Por isso mesmo, as leis e as instituições duma sociedade não podem ser
configuradas ignorando a dimensão religiosa dos cidadãos ou de modo que
prescindam completamente da mesma; mas devem ser comensuradas – através da obra
democrática de cidadãos conscientes da sua alta vocação – ao ser da pessoa,
para o poderem favorecer na sua dimensão religiosa. Não sendo está uma criação
do Estado, não pode ser manipulada, antes deve contar com o seu reconhecimento
e respeito. O ordenamento jurídico a todos os níveis, nacional e internacional,
quando consente ou tolera o fanatismo religioso ou antirreligioso, falta à sua
própria missão, que consiste em tutelar e promover a justiça e o direito de
cada um.
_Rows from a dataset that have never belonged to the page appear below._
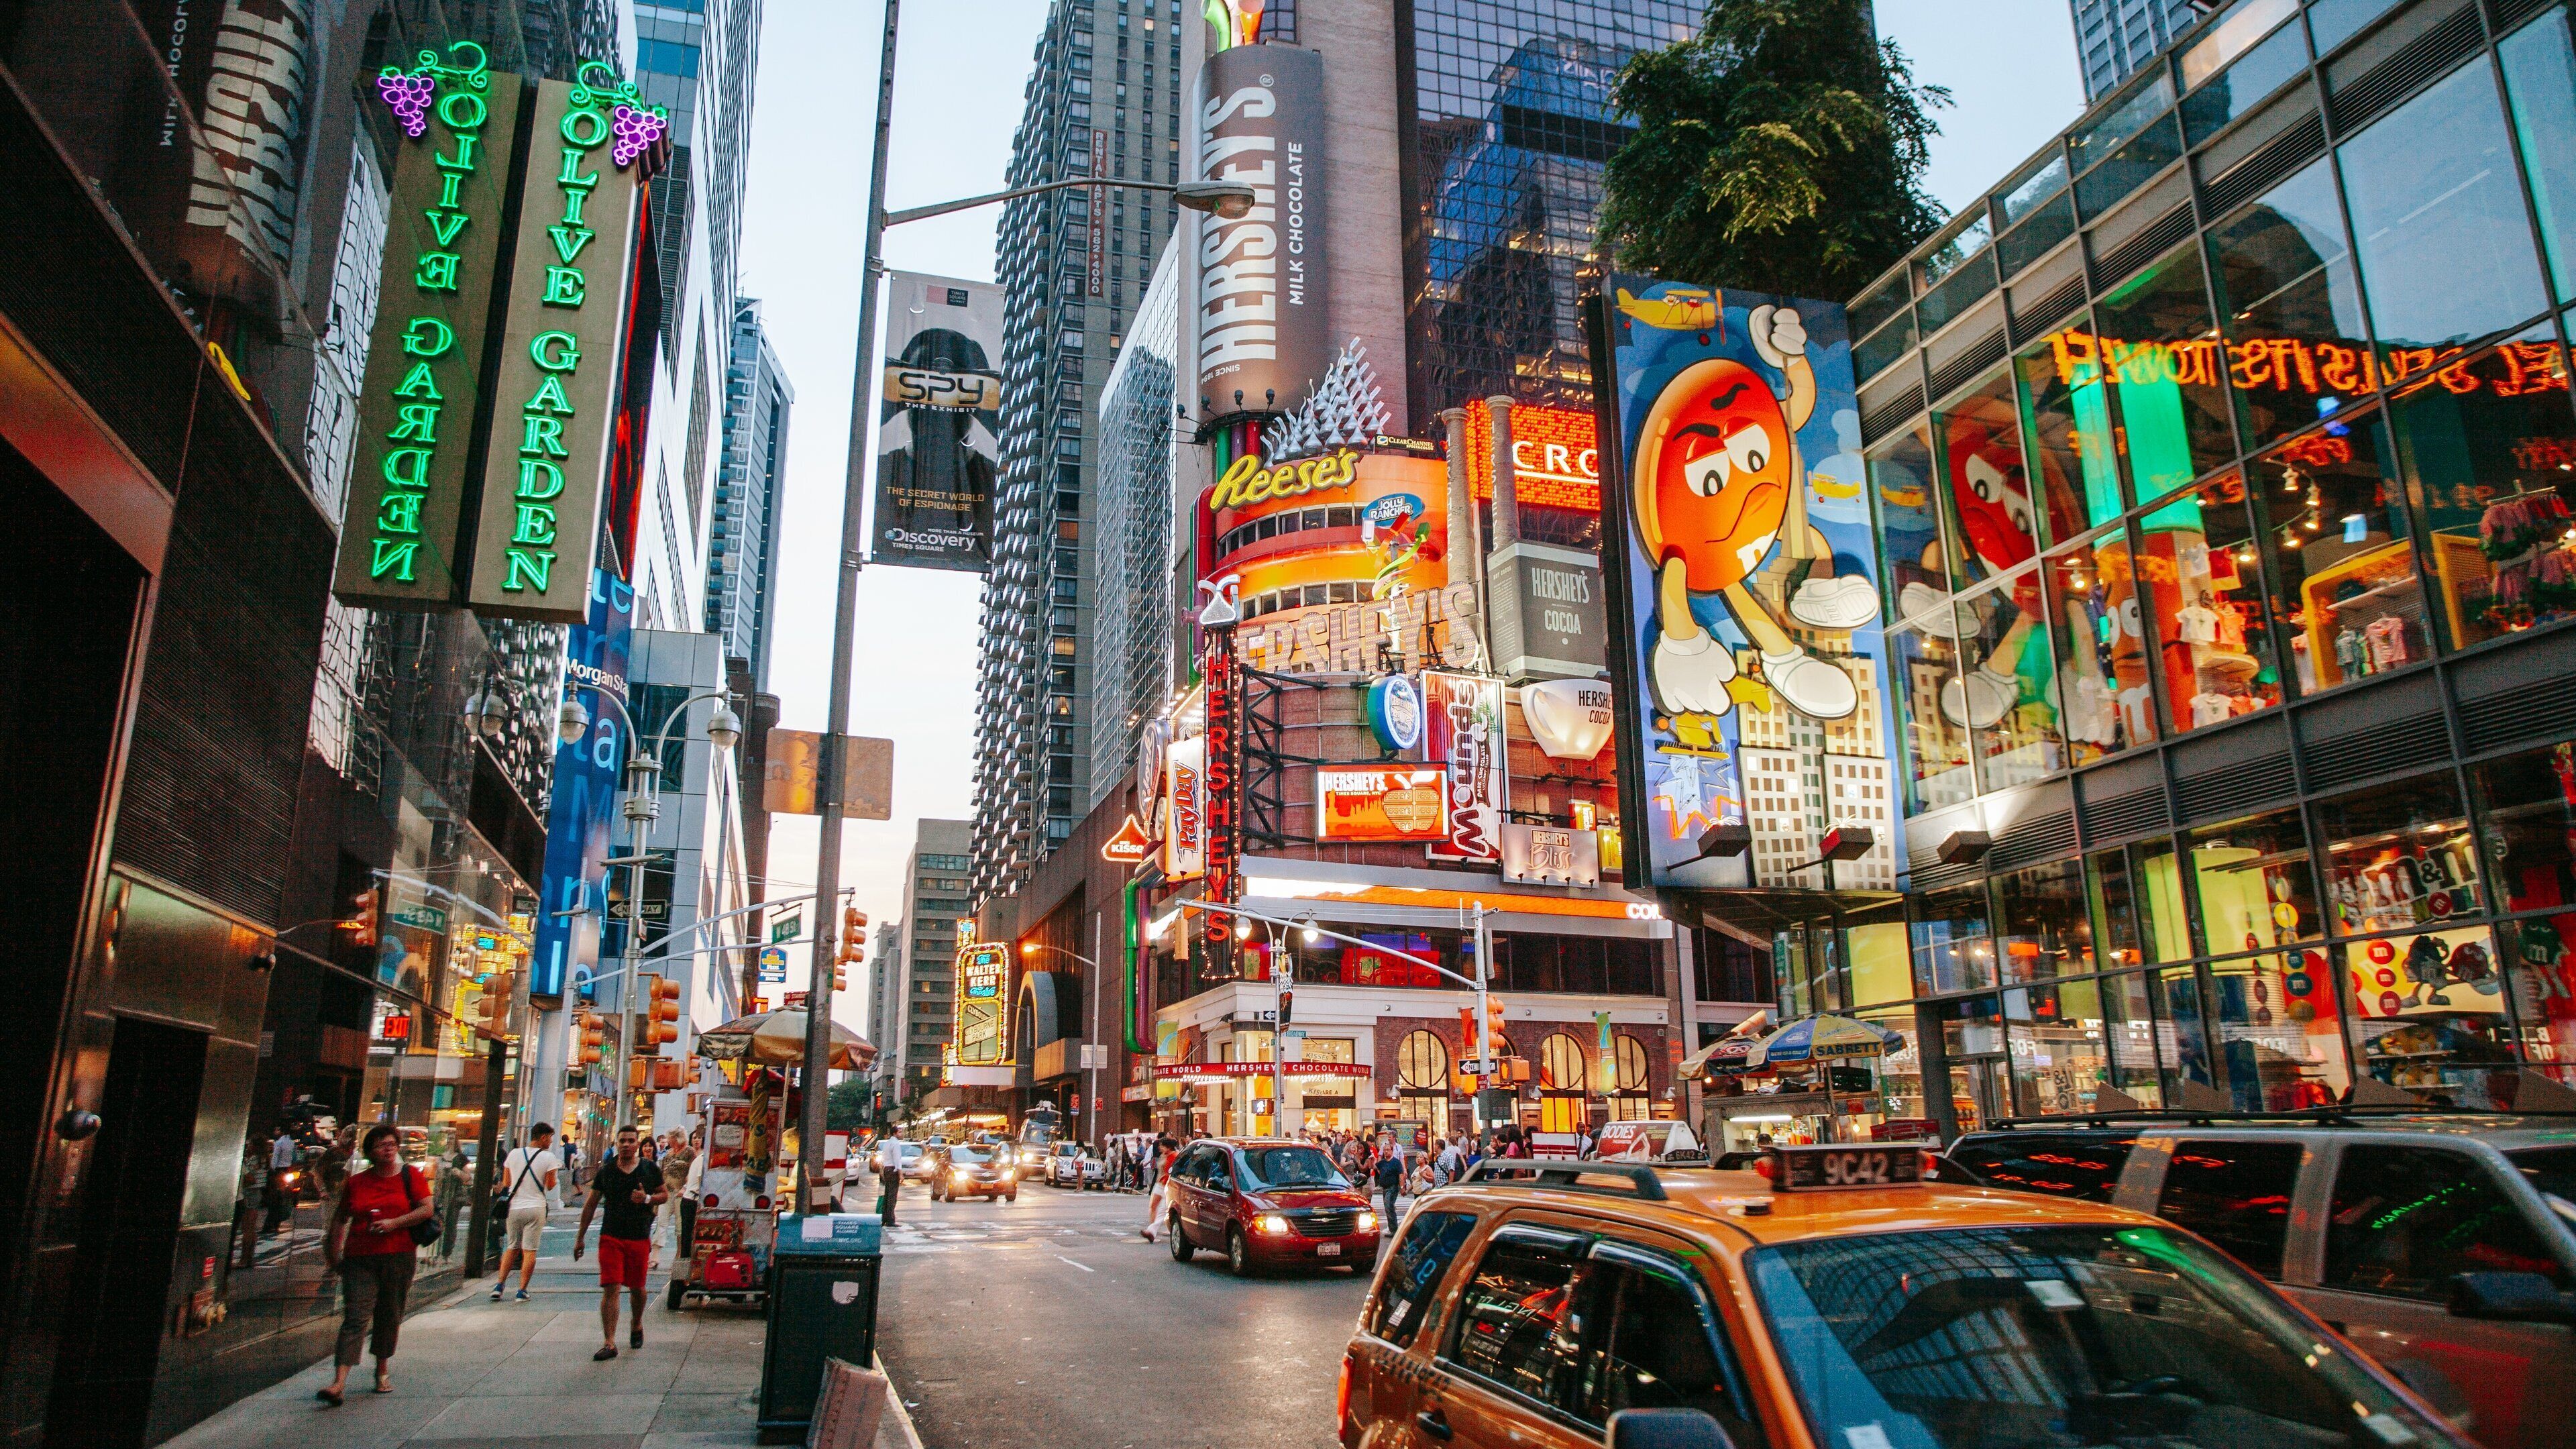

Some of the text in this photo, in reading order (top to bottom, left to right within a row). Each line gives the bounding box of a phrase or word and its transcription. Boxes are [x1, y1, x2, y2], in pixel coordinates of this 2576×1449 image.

[1095, 132, 1104, 180] RENTAL
[1093, 184, 1102, 217] APTS
[1288, 142, 1304, 306] MILK CHOCOLATE
[501, 110, 609, 594] OLIVE GARDEN
[1215, 364, 1240, 377] SINCE
[899, 372, 984, 405] SPY
[1210, 447, 1360, 513] Reese's
[887, 486, 985, 502] THE SECRET WORLD
[899, 498, 971, 512] OF ESPIONAGE
[1370, 504, 1413, 521] RANCHER
[1377, 497, 1405, 512] JOLLY
[915, 544, 945, 552] SQUARE
[1532, 568, 1590, 604] HERSHEY'S
[1544, 610, 1581, 634] COCOA
[1579, 690, 1613, 706] HERSHE
[1589, 710, 1611, 724] COCOA
[1448, 680, 1489, 856] Mounds
[1477, 745, 1486, 779] CHOCOLATE
[1174, 762, 1201, 851] PayDay
[1533, 830, 1570, 847] HERSHEY'S
[1528, 844, 1574, 871] Bliss
[966, 964, 1000, 976] WALTER
[970, 975, 996, 987] KERR
[386, 1018, 409, 1036] EXIT
[972, 1030, 986, 1041] PARK
[1305, 1053, 1329, 1061] KISSES
[1815, 1042, 1879, 1056] SABRETT
[1172, 1065, 1201, 1073] WORLD
[1292, 1064, 1348, 1073] CHOCOLATE
[1352, 1066, 1369, 1074] WORLD
[1602, 1125, 1637, 1138] BODIES
[1823, 1152, 1890, 1185] 9C42
Tais realidades não podem ser deixadas à mercê do arbítrio do
legislador ou da maioria, porque, como já ensinava Cícero, a justiça consiste
em algo mais do que um mero ato produtivo da lei e da sua aplicação. A justiça
implica reconhecer a cada um a sua dignidade, [11] a qual, sem liberdade religiosa garantida e
vivida na sua essência, fica mutilada e ofendida, exposta ao risco de cair sob
o predomínio dos ídolos, de bens relativos transformados em absolutos. Tudo
isto expõe a sociedade ao risco de totalitarismos políticos e ideológicos, que
enfatizam o poder público, ao mesmo tempo que são mortificadas e coarctadas,
como se lhe fizessem concorrência, as liberdades de consciência, de pensamento
e de religião. Diálogo entre instituições civis e religiosas. 9.
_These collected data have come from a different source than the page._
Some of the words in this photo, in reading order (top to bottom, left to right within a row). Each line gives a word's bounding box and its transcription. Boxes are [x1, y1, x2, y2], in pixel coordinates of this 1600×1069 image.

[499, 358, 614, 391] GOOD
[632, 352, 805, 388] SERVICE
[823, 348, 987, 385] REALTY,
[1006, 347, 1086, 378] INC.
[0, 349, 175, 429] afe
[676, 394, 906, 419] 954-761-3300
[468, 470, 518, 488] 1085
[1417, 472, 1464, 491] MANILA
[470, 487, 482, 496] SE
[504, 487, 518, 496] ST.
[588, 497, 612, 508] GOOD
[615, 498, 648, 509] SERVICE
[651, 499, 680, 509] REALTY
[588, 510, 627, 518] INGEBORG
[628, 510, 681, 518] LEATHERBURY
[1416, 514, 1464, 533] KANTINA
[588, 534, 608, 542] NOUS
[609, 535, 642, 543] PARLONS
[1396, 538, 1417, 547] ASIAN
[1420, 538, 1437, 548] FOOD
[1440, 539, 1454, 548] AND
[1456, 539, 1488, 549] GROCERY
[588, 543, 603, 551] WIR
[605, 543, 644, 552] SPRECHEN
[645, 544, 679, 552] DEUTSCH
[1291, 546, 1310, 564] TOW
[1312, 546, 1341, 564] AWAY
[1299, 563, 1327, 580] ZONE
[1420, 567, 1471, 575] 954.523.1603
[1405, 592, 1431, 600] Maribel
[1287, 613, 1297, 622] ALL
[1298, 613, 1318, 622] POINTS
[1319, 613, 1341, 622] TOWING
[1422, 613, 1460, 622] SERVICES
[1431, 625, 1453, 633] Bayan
O património de princípios e valores expressos por uma religiosidade autêntica
é uma riqueza para os povos e respectivas índoles: fala diretamente à
consciência e à razão dos homens e mulheres, lembra o imperativo da conversão
moral, motiva para aperfeiçoar a prática das virtudes e aproximar-se
amistosamente um do outro sob o signo da fraternidade, como membros da grande
família humana.[12]. No respeito da laicidade positiva das
instituições estatais, a dimensão pública da religião deve ser sempre
reconhecida. Para isso, um diálogo sadio entre as instituições civis e
as religiosas é fundamental para o desenvolvimento integral da pessoa
humana e da harmonia da sociedade. Viver no amor e na verdade.
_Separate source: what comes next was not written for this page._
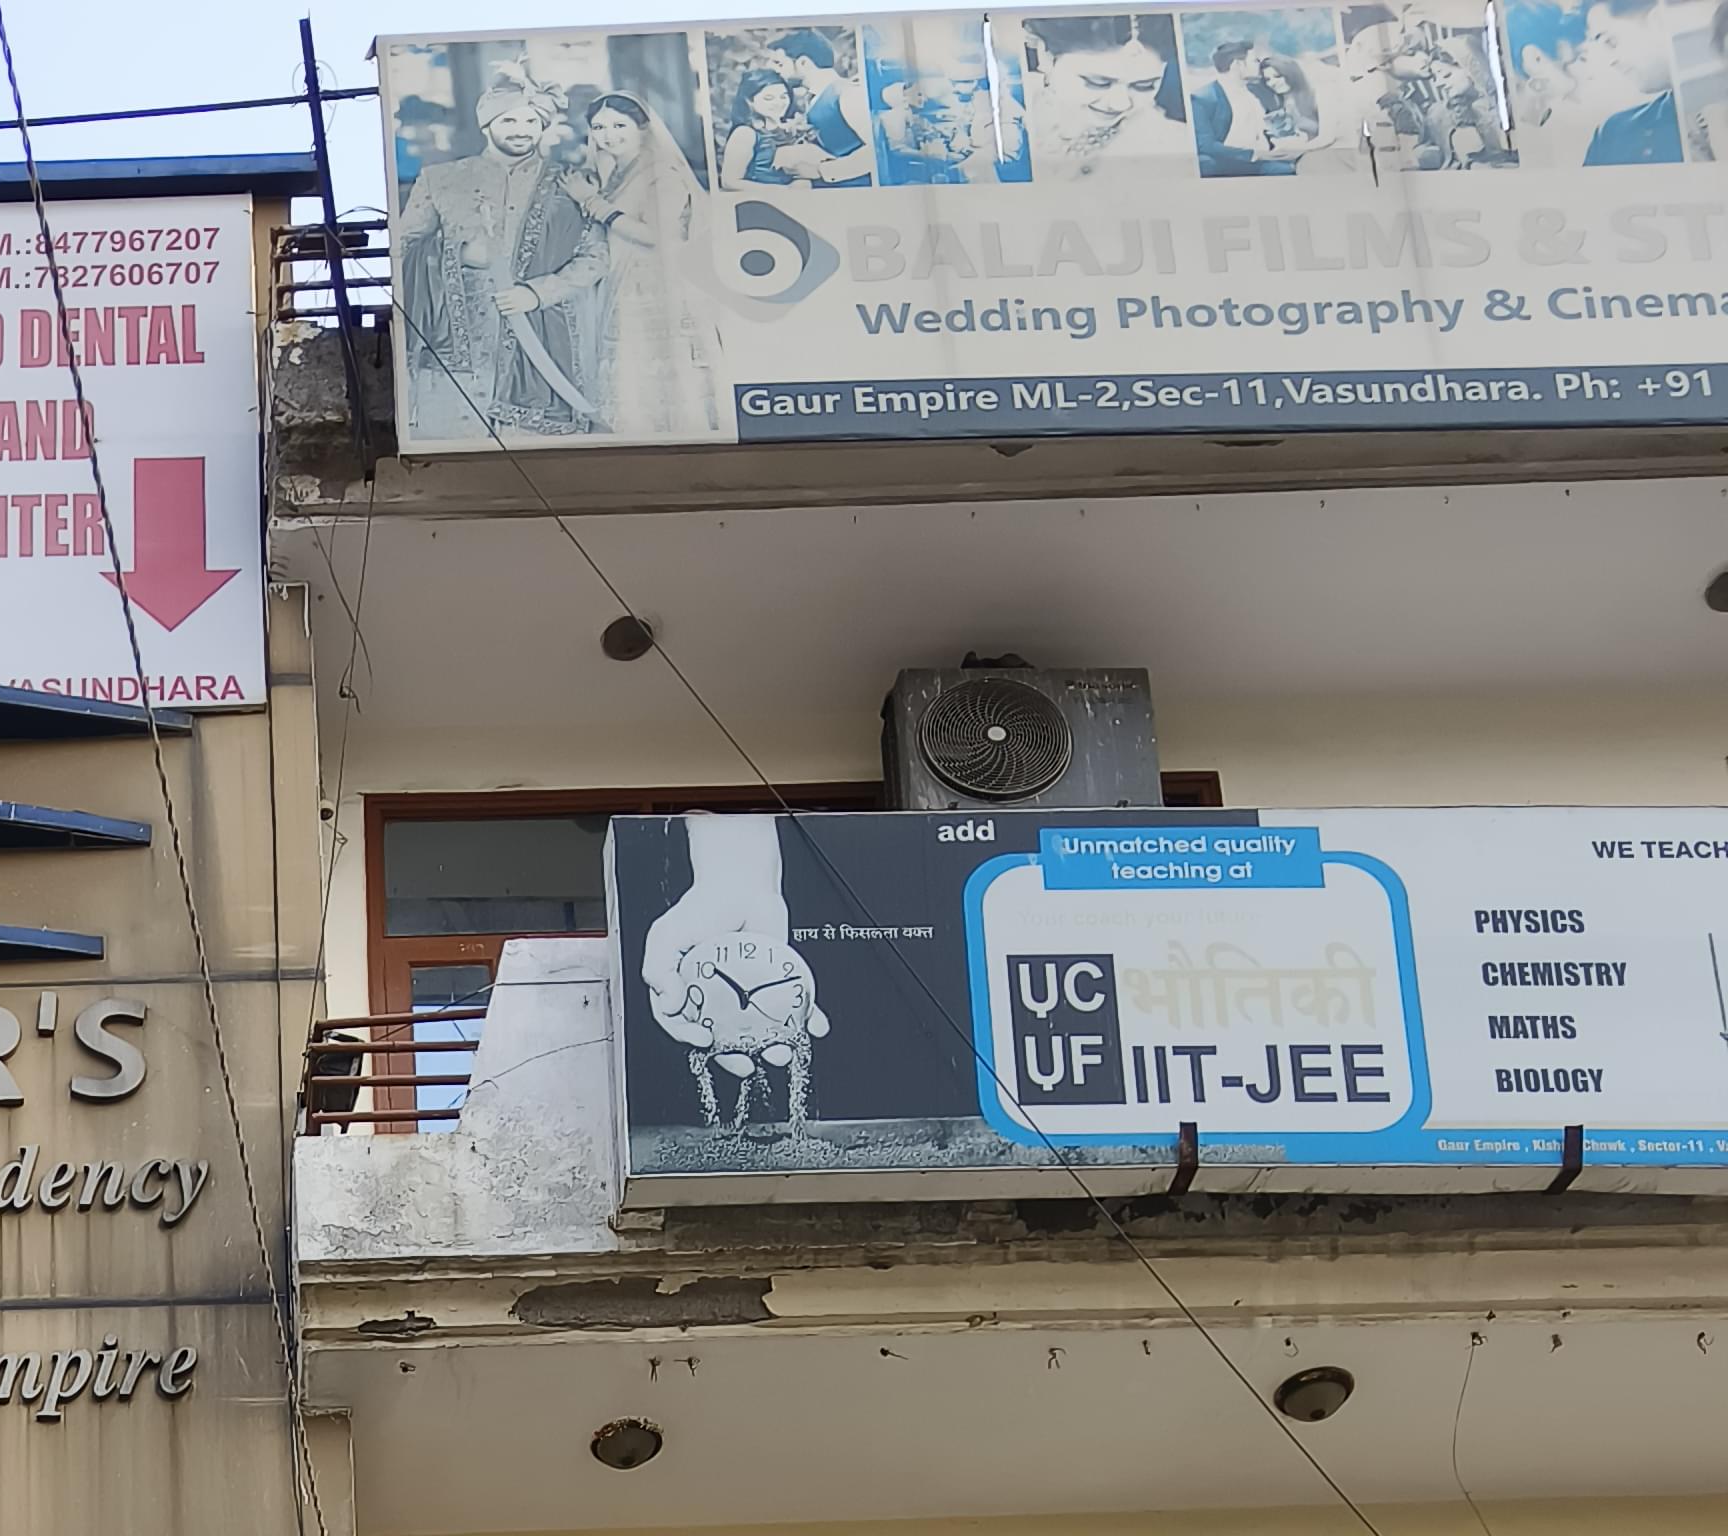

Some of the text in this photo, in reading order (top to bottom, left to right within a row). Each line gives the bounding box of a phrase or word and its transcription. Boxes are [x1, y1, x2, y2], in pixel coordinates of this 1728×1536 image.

10. No mundo globalizado, caracterizado por sociedades sempre mais multiétnicas
e pluriconfessionais, as grandes religiões podem constituir um fator importante
de unidade e paz para a família humana. Com base nas suas próprias convicções
religiosas e na busca racional do bem comum, os seus membros são chamados a
viver responsavelmente o próprio compromisso num contexto de liberdade
religiosa. Nas variadas culturas religiosas, enquanto há que rejeitar tudo
aquilo que é contra a dignidade do homem e da mulher, é preciso, ao contrário,
valer-se daquilo que resulta positivo para a convivência civil. O espaço
público, que a comunidade internacional torna disponível para as religiões e
para a sua proposta de «vida boa», favorece o aparecimento de uma medida
compartilhável de verdade e de bem e ainda de um consenso moral, que são
fundamentais para uma convivência justa e pacífica. Os líderes das grandes
religiões, pela sua função, influência e autoridade nas respectivas
comunidades, são os primeiros a ser chamados ao respeito recíproco e ao diálogo. Os
cristãos, por sua vez, são solicitados pela sua própria fé em Deus, Pai do
Senhor Jesus Cristo, a viver como irmãos que se encontram na Igreja e colaboram
para a edificação de um mundo, onde as pessoas e os povos «não mais
praticarão o mal nem a destruição (...), porque o conhecimento do Senhor
encherá a terra, como as águas enchem o leito do mar» (Isaás 11,
9). Diálogo como busca em comum. 11. Para a Igreja, o
diálogo entre os membros de diversas religiões constitui um instrumento
importante para colaborar com todas as comunidades religiosas para o bem comum.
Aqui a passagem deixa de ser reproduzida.